WHAT IS EXPECTED:
Output the records exactly, and drop each picture.
..........
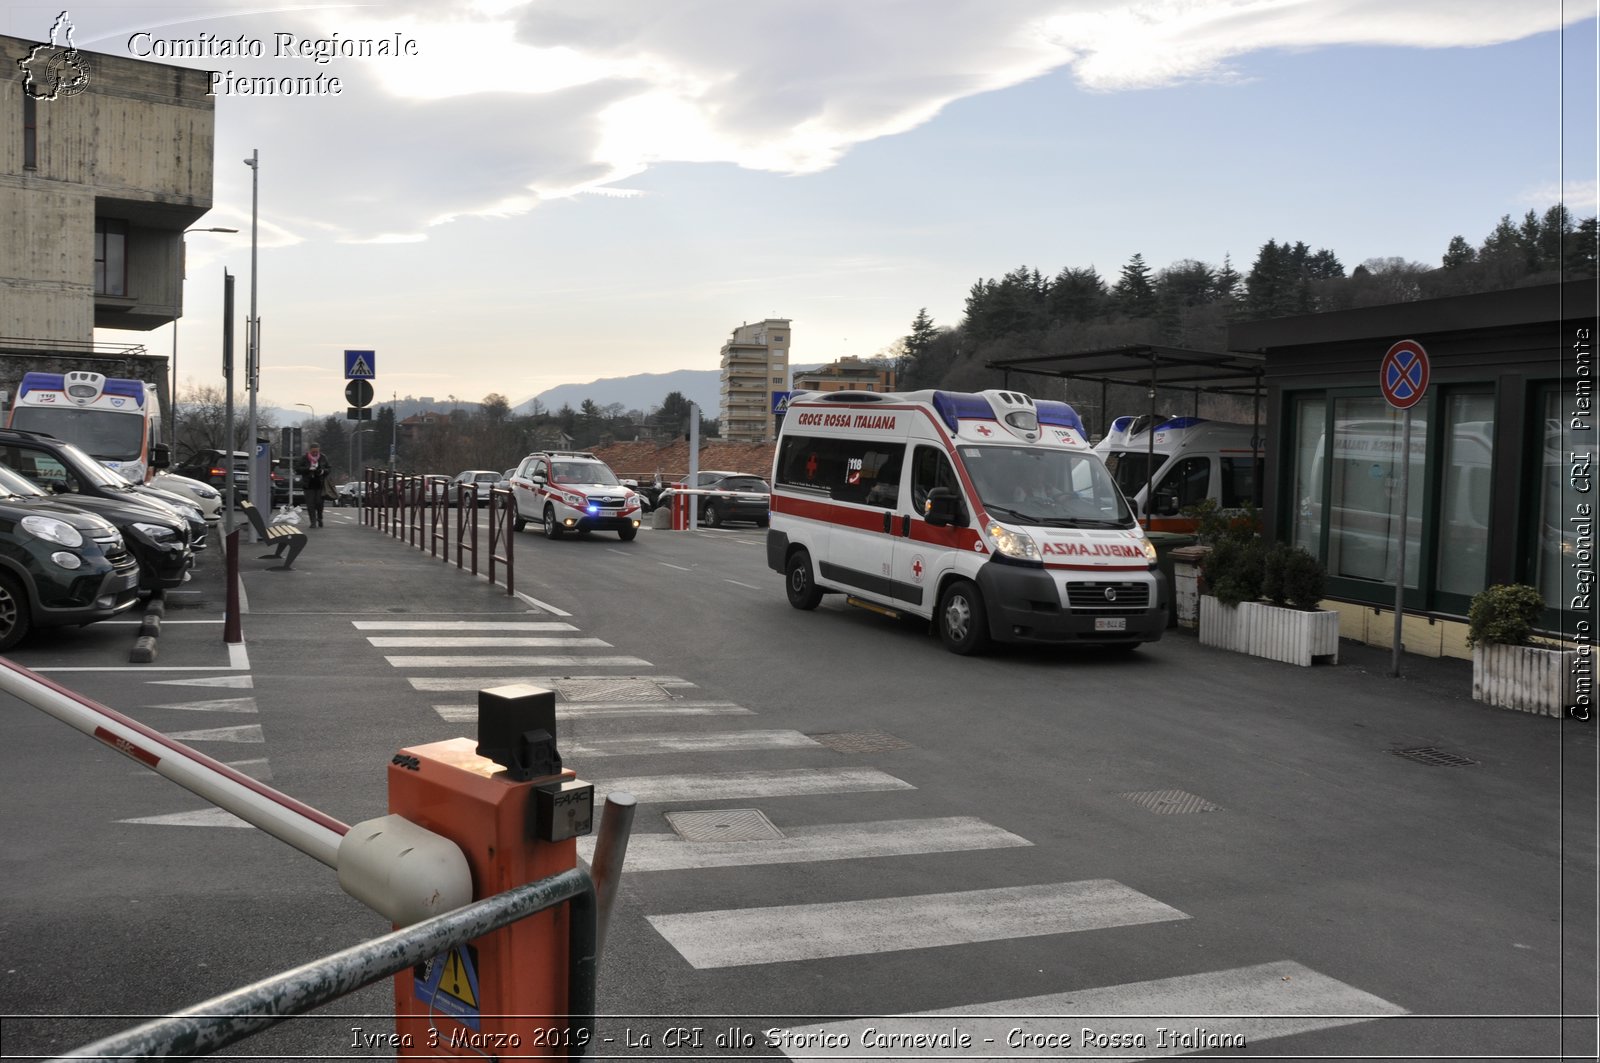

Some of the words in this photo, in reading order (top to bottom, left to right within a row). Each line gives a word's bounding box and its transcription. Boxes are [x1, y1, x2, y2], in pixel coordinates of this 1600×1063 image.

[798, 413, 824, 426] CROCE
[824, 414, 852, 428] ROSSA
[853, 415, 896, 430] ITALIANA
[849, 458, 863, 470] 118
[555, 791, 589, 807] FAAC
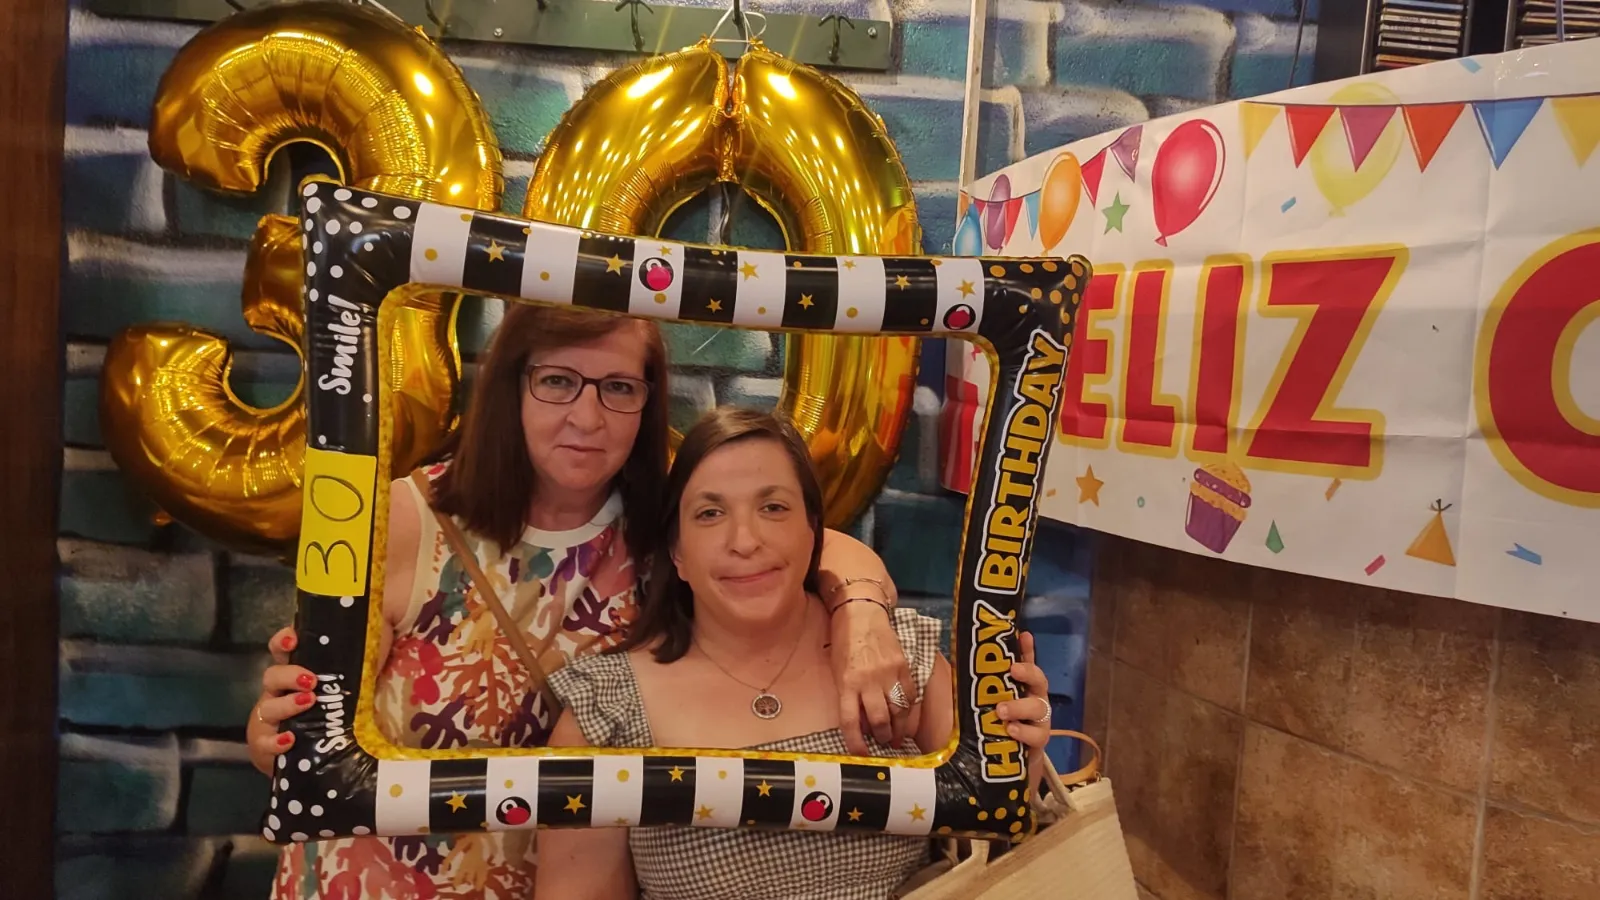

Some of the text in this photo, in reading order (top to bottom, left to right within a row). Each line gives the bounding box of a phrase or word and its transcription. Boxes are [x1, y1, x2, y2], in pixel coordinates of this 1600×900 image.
..........
EXERCISE OUTPUT:
Some of the words in this photo, in reading order (top to bottom, left to right within a row). Each line gives a word's bounding box and its transcription. Boxes are [x1, y1, x2, y2], in pixel coordinates of this 1600×1063 image.

[798, 413, 824, 426] CROCE
[824, 414, 852, 428] ROSSA
[853, 415, 896, 430] ITALIANA
[849, 458, 863, 470] 118
[555, 791, 589, 807] FAAC

Some of the text in this photo, in reading order (top to bottom, left to right within a row). Each line gives the bounding box of a phrase or word and its transcription. Boxes are [x1, y1, x2, y2], in pixel coordinates of this 1600×900 image.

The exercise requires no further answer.